Return each entry below word for word, leaving out any image.
Top of Supplied records
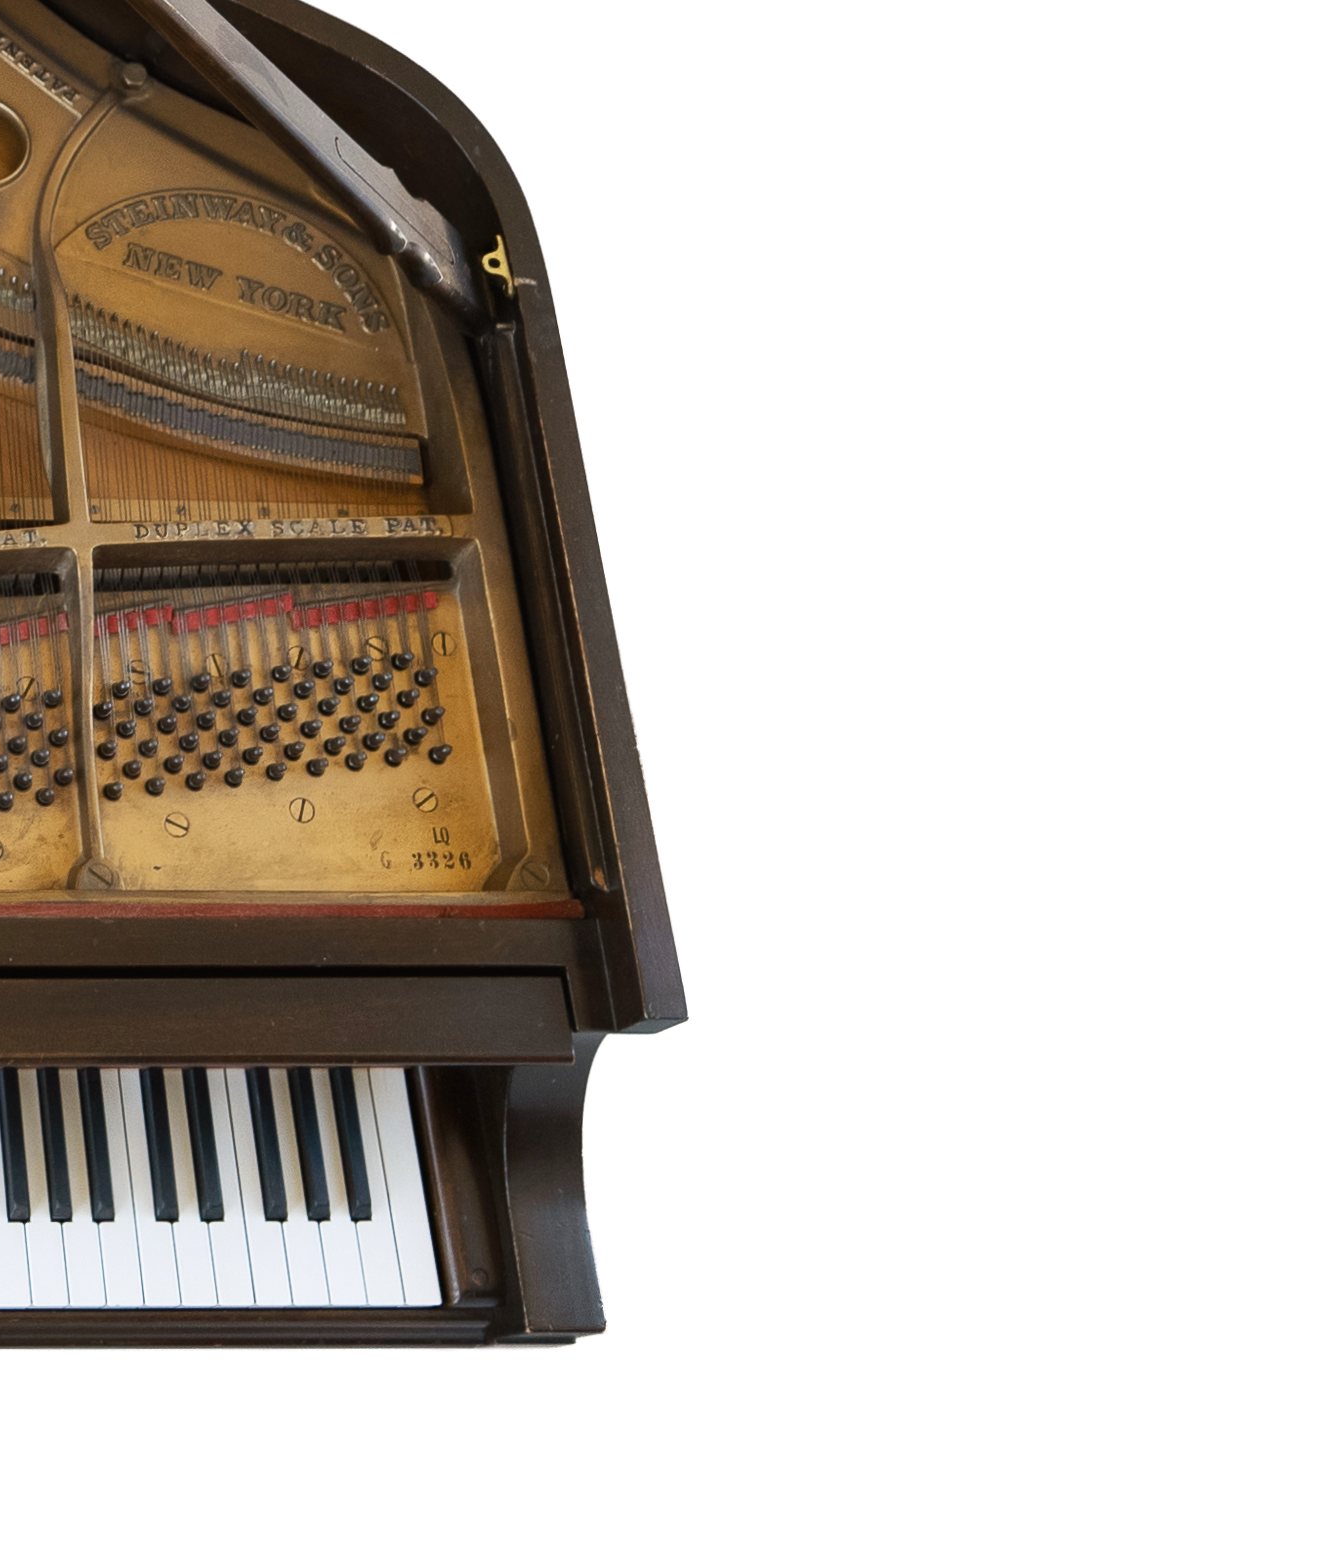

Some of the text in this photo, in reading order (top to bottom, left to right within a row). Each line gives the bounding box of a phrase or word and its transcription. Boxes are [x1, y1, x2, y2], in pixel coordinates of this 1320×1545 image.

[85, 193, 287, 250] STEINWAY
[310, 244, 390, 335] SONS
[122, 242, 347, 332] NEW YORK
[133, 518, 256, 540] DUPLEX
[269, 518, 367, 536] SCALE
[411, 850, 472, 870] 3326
Bottom of Supplied records
*Expected output*.
Some of the text in this photo, in reading order (top to bottom, left to right within a row). Each line gives the bounding box of a phrase or word and its transcription. Boxes are [x1, y1, x2, y2], in pixel coordinates of this 1320×1545 image.

[85, 193, 287, 250] STEINWAY
[310, 244, 390, 335] SONS
[122, 242, 347, 332] NEW YORK
[133, 518, 256, 540] DUPLEX
[269, 518, 367, 536] SCALE
[411, 850, 472, 870] 3326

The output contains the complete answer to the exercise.